– Tô atrasado.
– Novidade!
– Fazer pouco com minha cara não ajuda.
– Você quer que eu faça o quê ?
– Prepare minha marmita.
– Não sou tua mãe
– Mas é esposa
– Mas não empregada.
Saiu e deixou o marido olhando sozinho o celular, foi pra cozinha mas não preparou a marmita. Um desaforo.
Se quiser que voltasse para casa da mãe, já não bastava lavar as roupas, limpar a casa, preparar comida e trocar os lençóis. Agora tinha que fazer a merenda para o bebê da mamãe. Lamentável.
Juca saiu esbaforido, não disse nada, nem prestou atenção na Tv, ninguém assistia mas ela ficava ligada o dia inteiro como um membro da família, se Juca tivesse dado bola, teria visto o congestionamento quilométrico devido mais uma paralisação do rodoviários, dessa vez a coisa era séria, falência da empresa.
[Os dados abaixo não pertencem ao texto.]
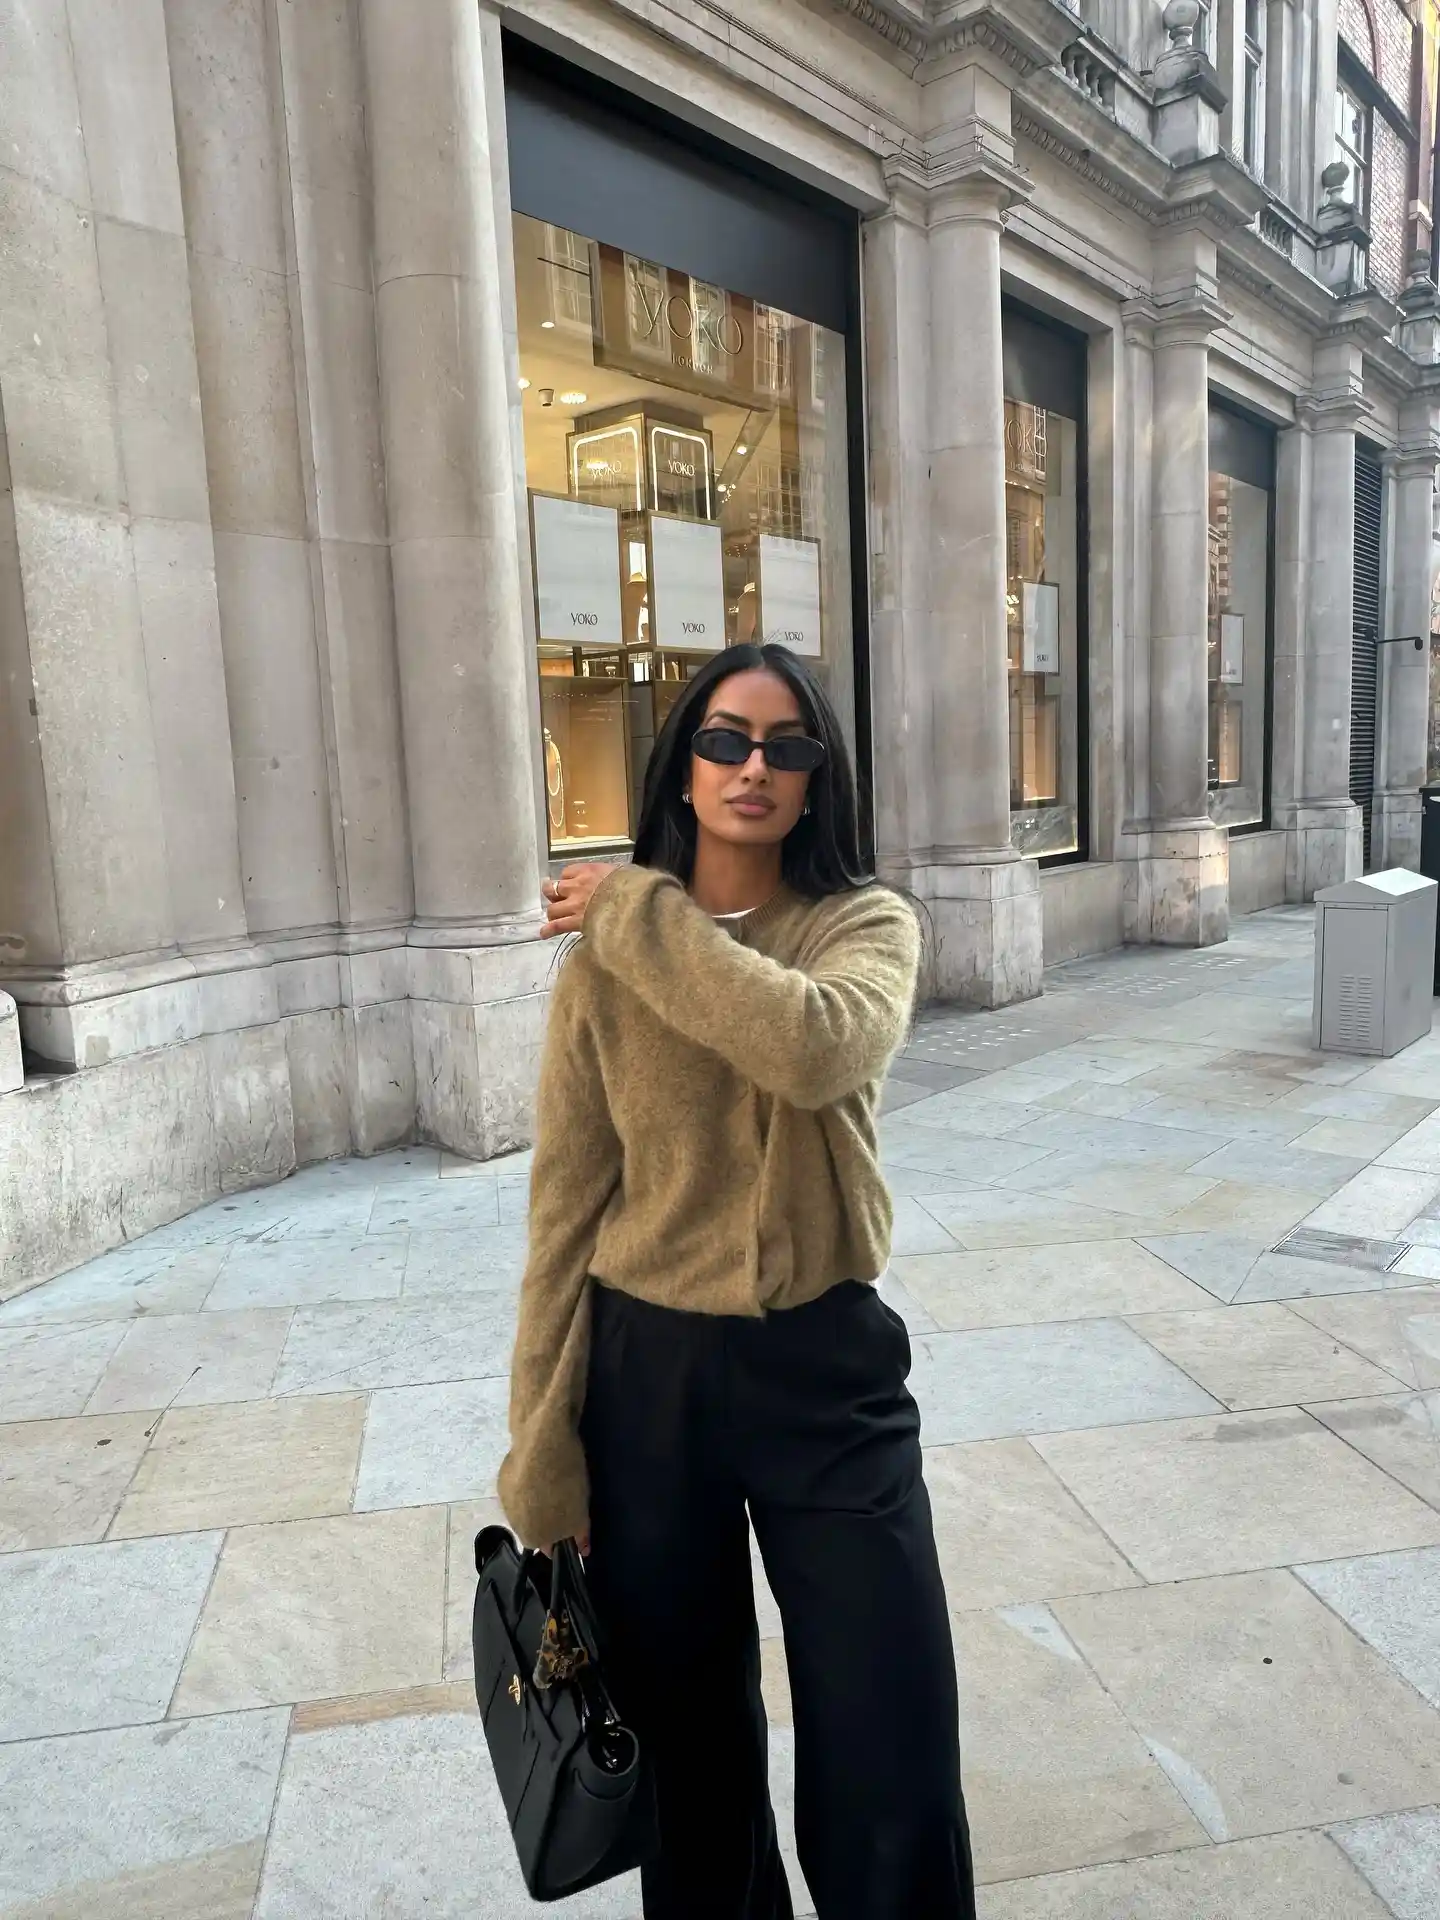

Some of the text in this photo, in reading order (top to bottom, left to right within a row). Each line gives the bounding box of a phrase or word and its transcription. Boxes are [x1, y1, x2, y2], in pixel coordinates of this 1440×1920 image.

[635, 281, 742, 355] YOKO
[668, 459, 695, 476] YOKO
[571, 612, 598, 626] YOKO
[682, 622, 705, 634] YOKO
Helena gritou da janela para Juca, tentando lhe avisar sobre a paralisação, Juca não deu ouvidos, estava atrasado e sem marmita mas o orgulho era maior que tudo isso.
Caminhou até a parada, estava cheia, esperou 20 minutos ouvindo sua playlist que ia de Tim Maia à Renato Russo, resolveu perguntar à alguém no ponto.
– Tá demorando muito né?
– Cê tá falano di quê?
– Do ônibus
– Num ta sabeno?
– Claro que não.
– Armaria, cê vivi ondi? Tá tudo parado moço, os homi da anapolina tão de greve.
– Isso não é novidade.
– Mas diz que agora é feio o trem, a empresa faliu.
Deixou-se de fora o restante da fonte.